TASK GOAL:
Copy the records below in full and leave every image out of the copy.

SOURCE DATA:
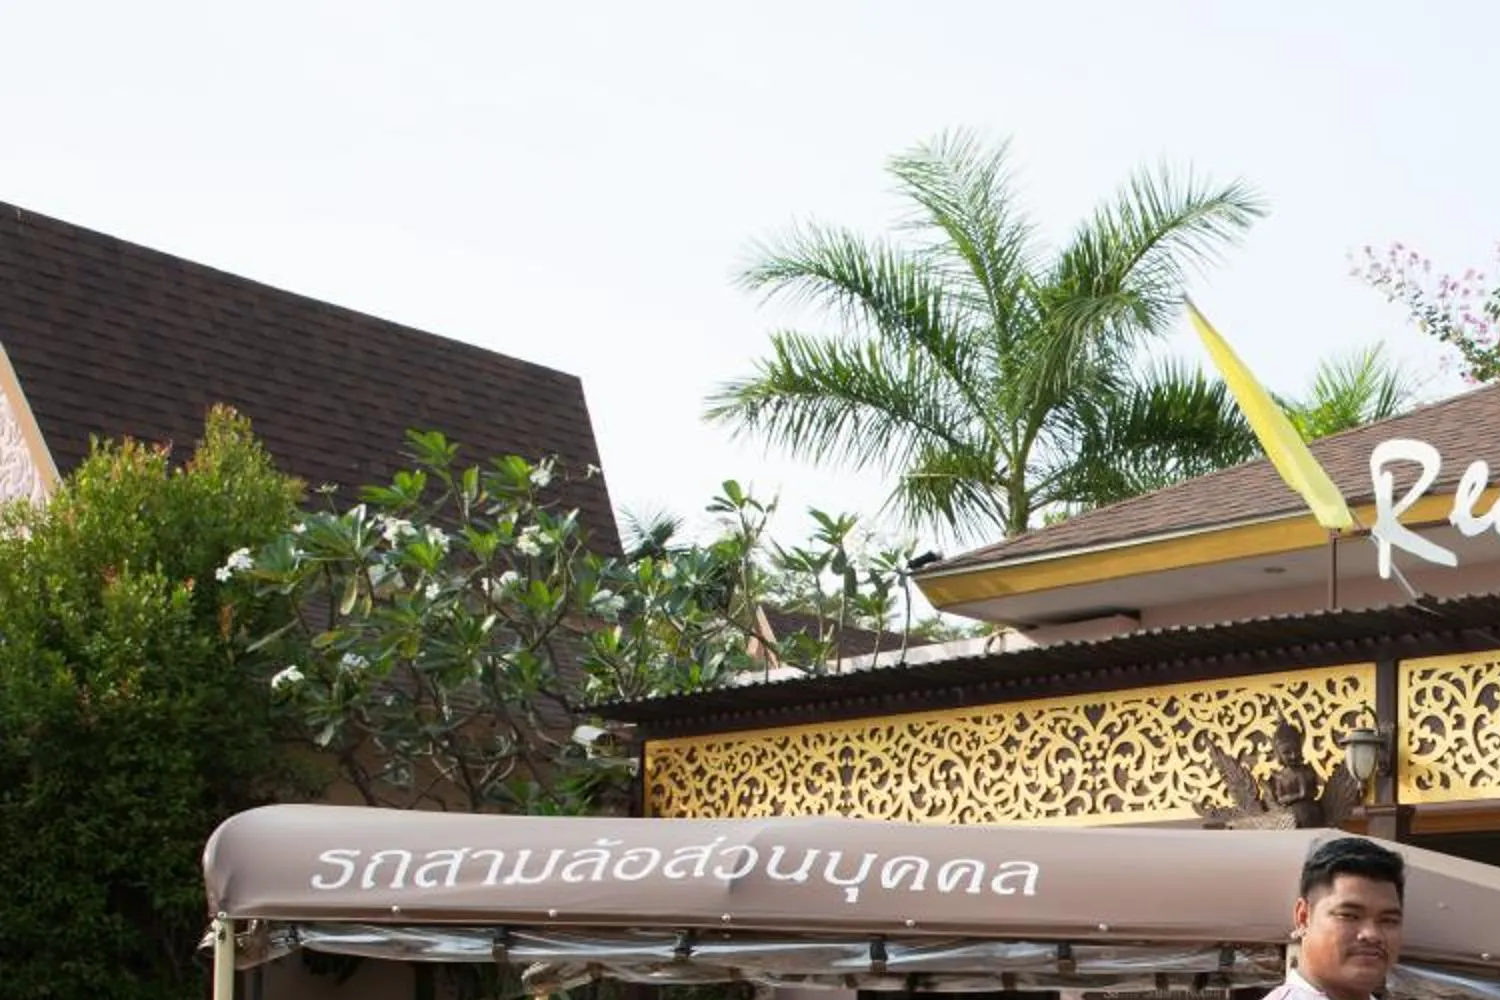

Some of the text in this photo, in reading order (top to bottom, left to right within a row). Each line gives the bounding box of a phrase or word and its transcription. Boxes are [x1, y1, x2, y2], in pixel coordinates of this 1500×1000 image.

[311, 835, 1041, 903] รถสามล้อส่วนบุคคล
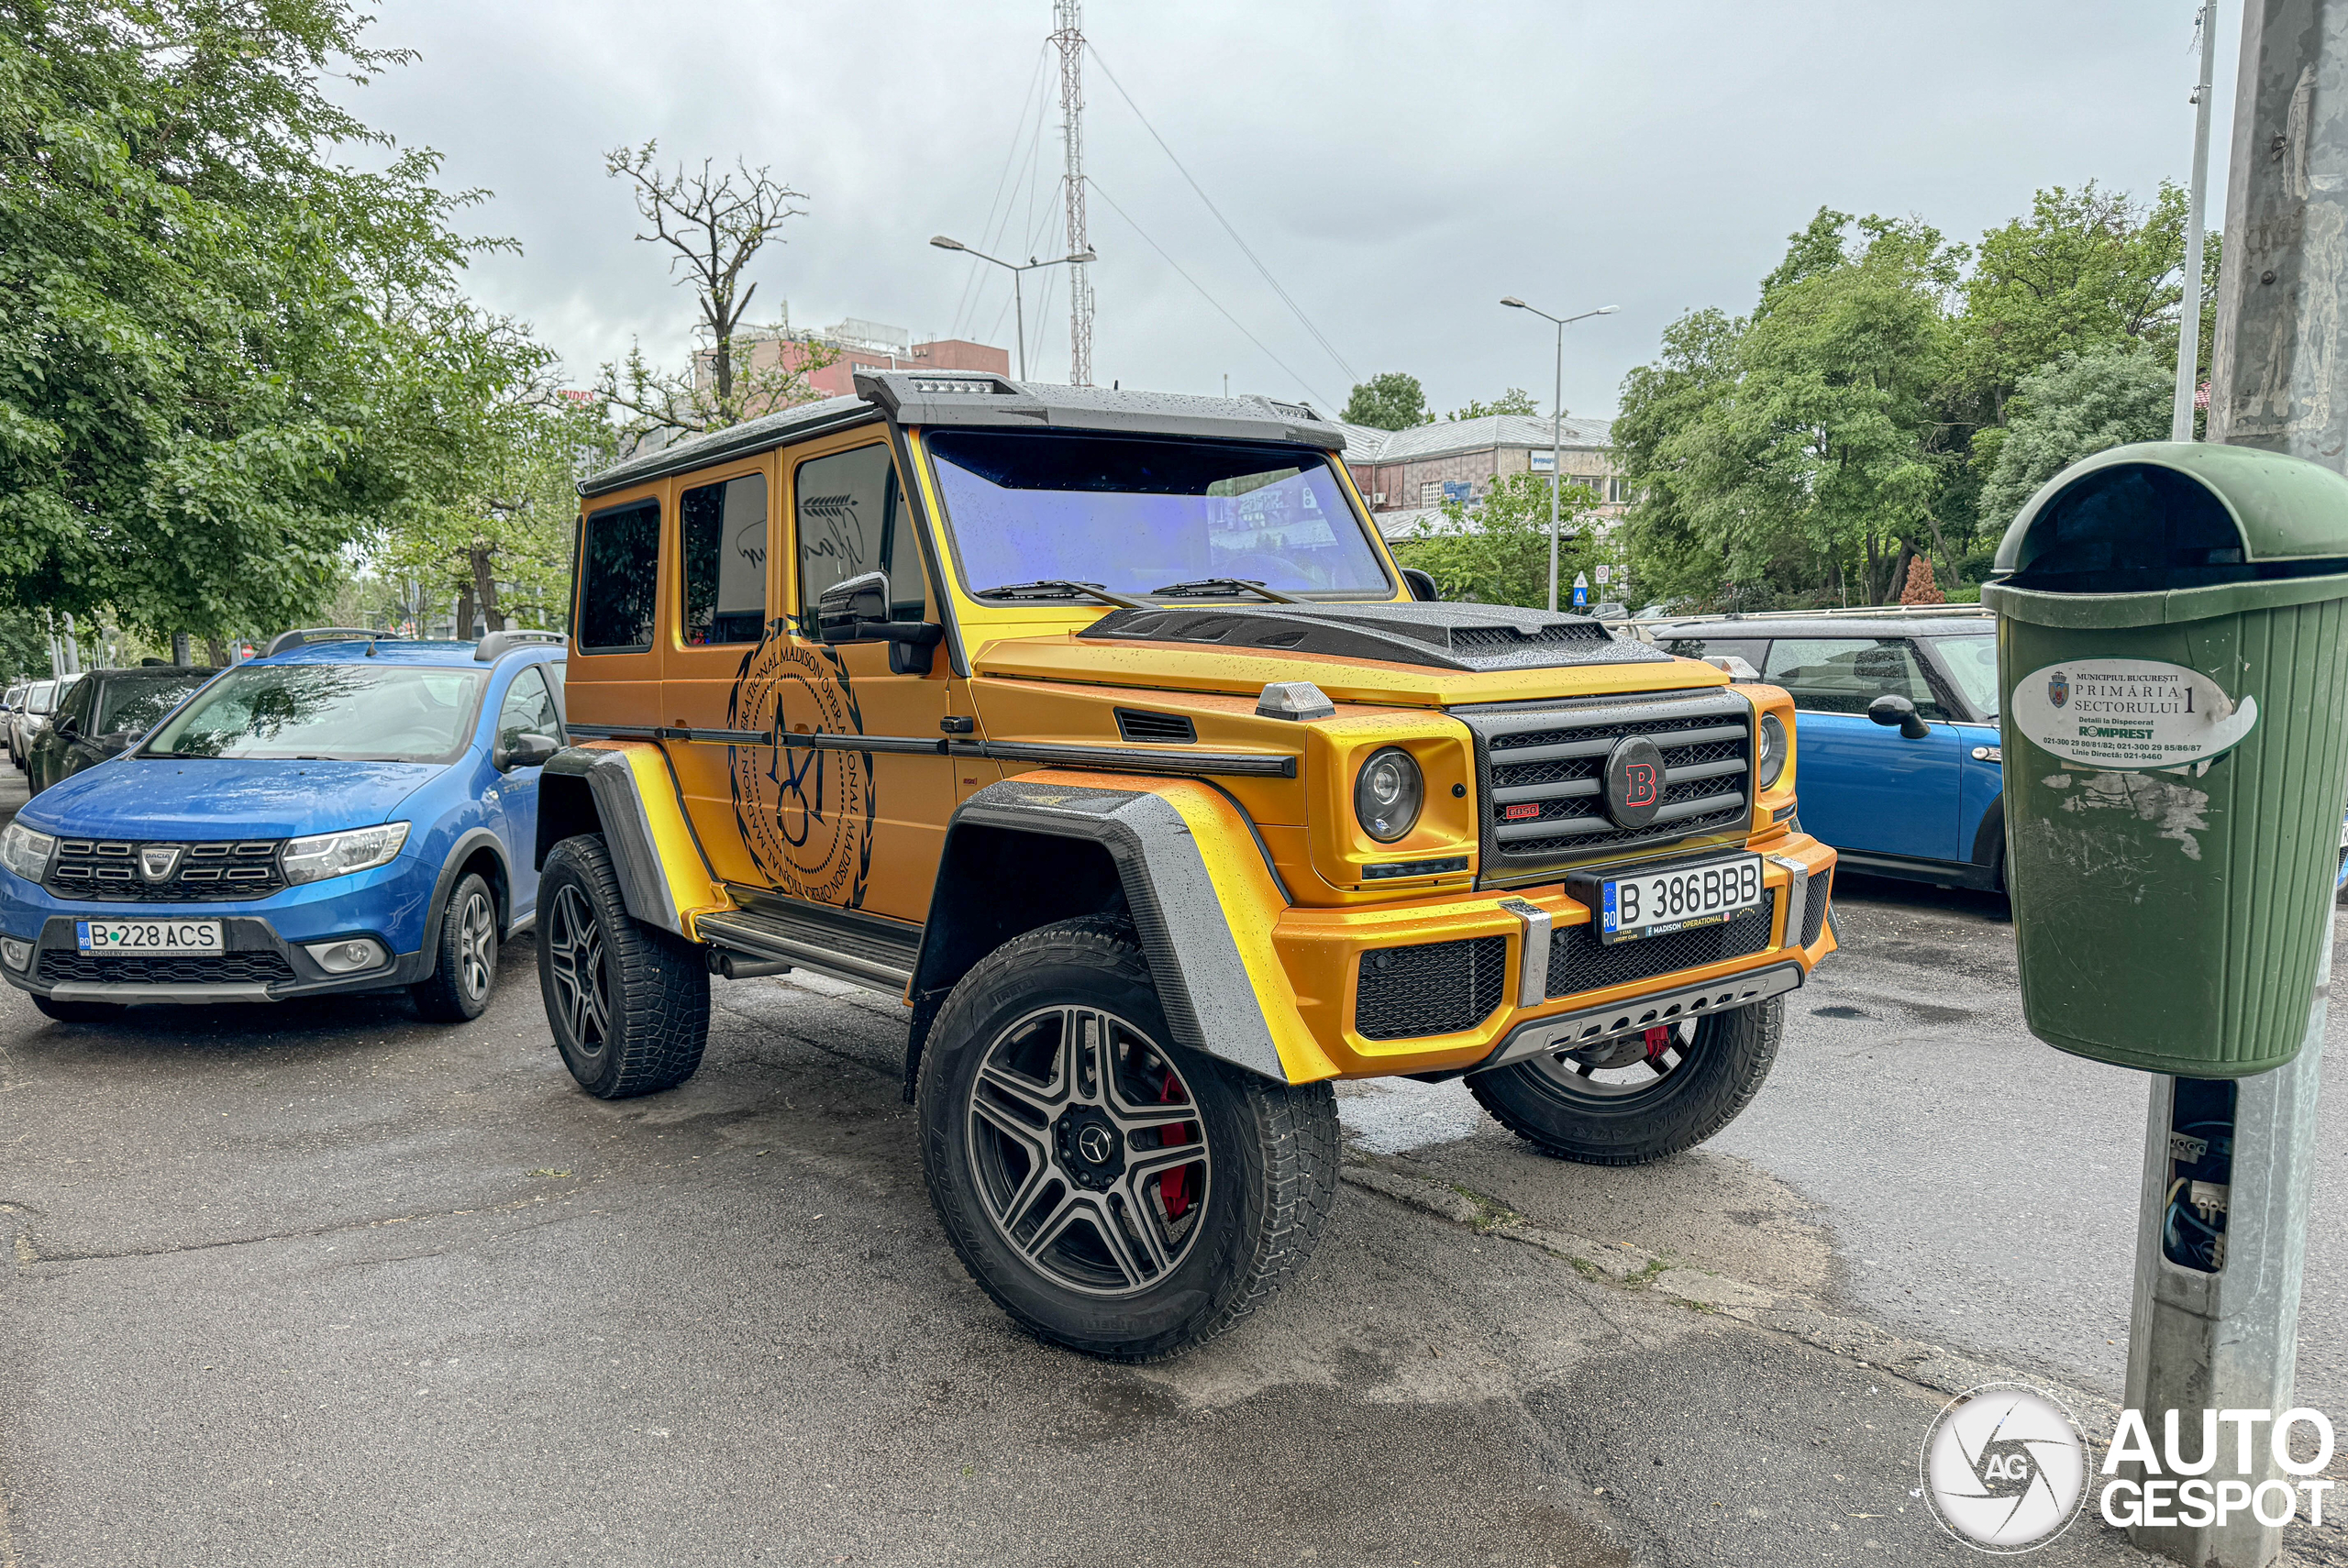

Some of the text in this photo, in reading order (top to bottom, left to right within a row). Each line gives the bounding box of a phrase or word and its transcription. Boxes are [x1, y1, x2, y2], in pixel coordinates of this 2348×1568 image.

[781, 646, 825, 681] MADISON
[2077, 673, 2126, 682] MUNICIPIUL
[2076, 684, 2178, 698] PRIMĂRIA
[2075, 686, 2196, 714] SECTORULUI 1
[2078, 716, 2102, 724] Detalii
[2111, 718, 2154, 726] Dispecerat
[2043, 737, 2070, 746] 021-300
[2071, 739, 2080, 747] 29
[2117, 743, 2150, 751] 021-300
[2152, 744, 2163, 752] 29
[2071, 748, 2089, 756] Linie
[2123, 752, 2163, 760] 021-9460
[1626, 764, 1657, 807] B
[1621, 865, 1757, 924] B 386BBB
[1604, 911, 1616, 928] RO
[1653, 922, 1682, 934] MADISON
[1682, 914, 1722, 929] OPERATIONAL
[80, 937, 89, 946] RO
[92, 924, 215, 946] B 228 ACS

RESPONSE TO THIS TASK:
Some of the text in this photo, in reading order (top to bottom, left to right within a row). Each line gives the bounding box of a phrase or word and its transcription. Boxes are [x1, y1, x2, y2], in pixel coordinates of this 1500×1000 image.

[311, 835, 1041, 903] รถสามล้อส่วนบุคคล

Some of the text in this photo, in reading order (top to bottom, left to right within a row). Each line gives the bounding box of a phrase or word and its transcription. Boxes are [x1, y1, x2, y2], in pixel coordinates of this 2348×1568 image.

[781, 646, 825, 681] MADISON
[2077, 673, 2126, 682] MUNICIPIUL
[2076, 684, 2178, 698] PRIMĂRIA
[2075, 686, 2196, 714] SECTORULUI 1
[2078, 716, 2102, 724] Detalii
[2111, 718, 2154, 726] Dispecerat
[2043, 737, 2070, 746] 021-300
[2071, 739, 2080, 747] 29
[2117, 743, 2150, 751] 021-300
[2152, 744, 2163, 752] 29
[2071, 748, 2089, 756] Linie
[2123, 752, 2163, 760] 021-9460
[1626, 764, 1657, 807] B
[1621, 865, 1757, 924] B 386BBB
[1604, 911, 1616, 928] RO
[1653, 922, 1682, 934] MADISON
[1682, 914, 1722, 929] OPERATIONAL
[80, 937, 89, 946] RO
[92, 924, 215, 946] B 228 ACS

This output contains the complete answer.